►

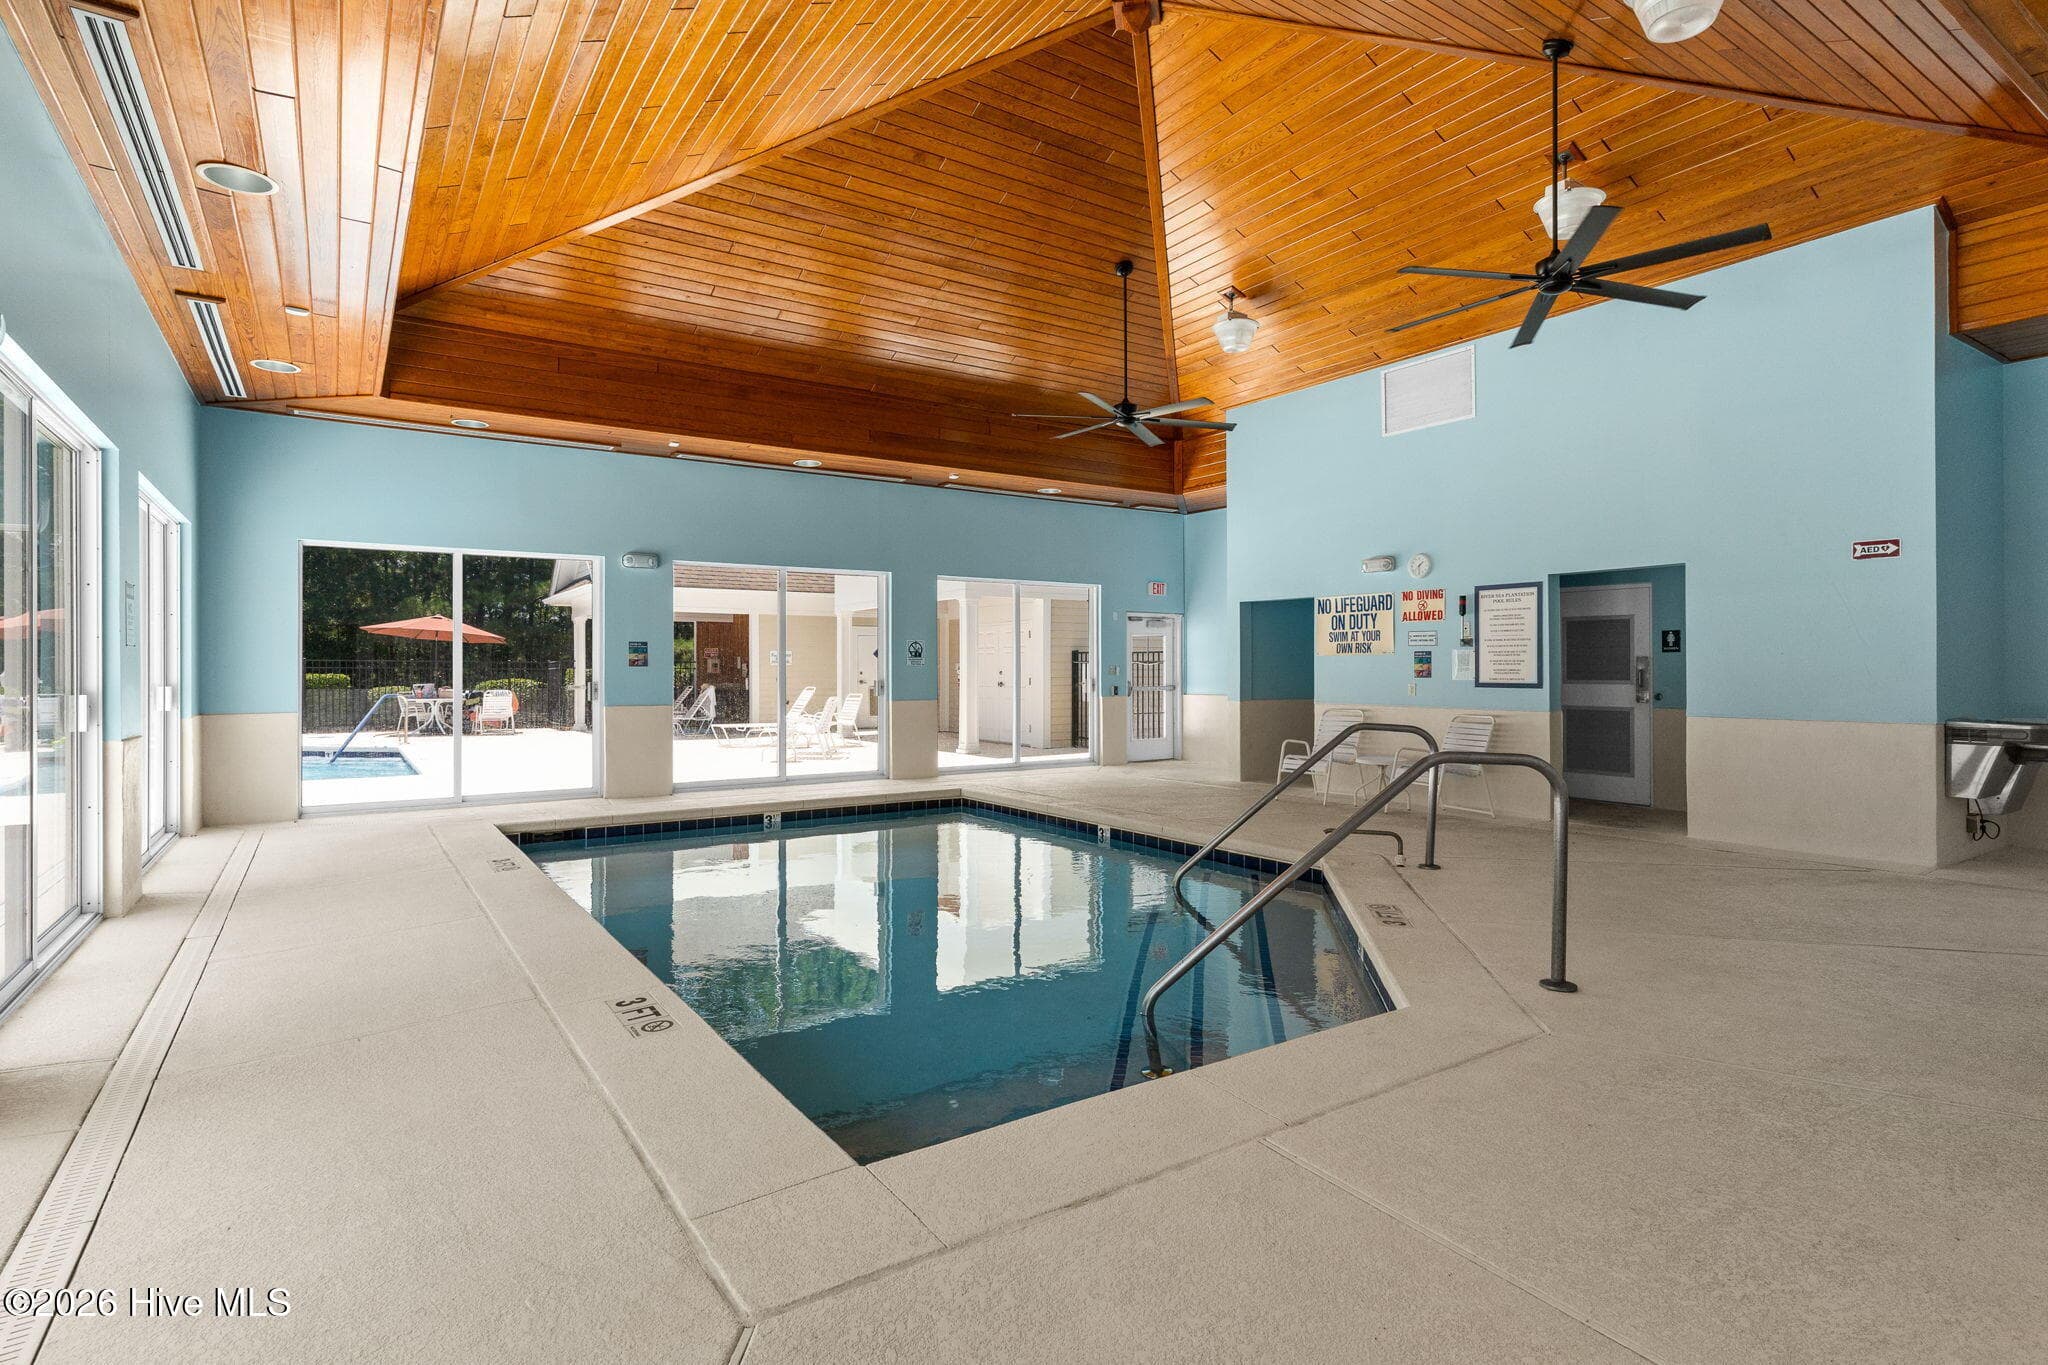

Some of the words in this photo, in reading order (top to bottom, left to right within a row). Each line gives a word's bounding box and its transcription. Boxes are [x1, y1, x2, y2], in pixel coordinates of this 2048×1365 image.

[1860, 545, 1880, 553] AED
[1152, 582, 1165, 595] EXIT
[1402, 591, 1413, 601] NO
[1417, 589, 1444, 600] DIVING
[1317, 598, 1332, 615] NO
[1335, 594, 1393, 613] LIFEGUARD
[1331, 614, 1345, 630] ON
[1349, 613, 1378, 630] DUTY
[1402, 610, 1443, 621] ALLOWED
[1328, 631, 1348, 642] SWIM
[1350, 631, 1359, 642] AT
[1362, 630, 1381, 641] YOUR
[1336, 643, 1353, 654] OWN
[1355, 642, 1372, 653] RISK

◄

The task
Before printing anything, remove the pictures; then print all the records exactly.

Response to the exercise
Some of the words in this photo, in reading order (top to bottom, left to right within a row). Each line gives a word's bounding box and its transcription. Boxes are [x1, y1, x2, y2], in pixel coordinates of this 2048×1365 image.

[1860, 545, 1880, 553] AED
[1152, 582, 1165, 595] EXIT
[1402, 591, 1413, 601] NO
[1417, 589, 1444, 600] DIVING
[1317, 598, 1332, 615] NO
[1335, 594, 1393, 613] LIFEGUARD
[1331, 614, 1345, 630] ON
[1349, 613, 1378, 630] DUTY
[1402, 610, 1443, 621] ALLOWED
[1328, 631, 1348, 642] SWIM
[1350, 631, 1359, 642] AT
[1362, 630, 1381, 641] YOUR
[1336, 643, 1353, 654] OWN
[1355, 642, 1372, 653] RISK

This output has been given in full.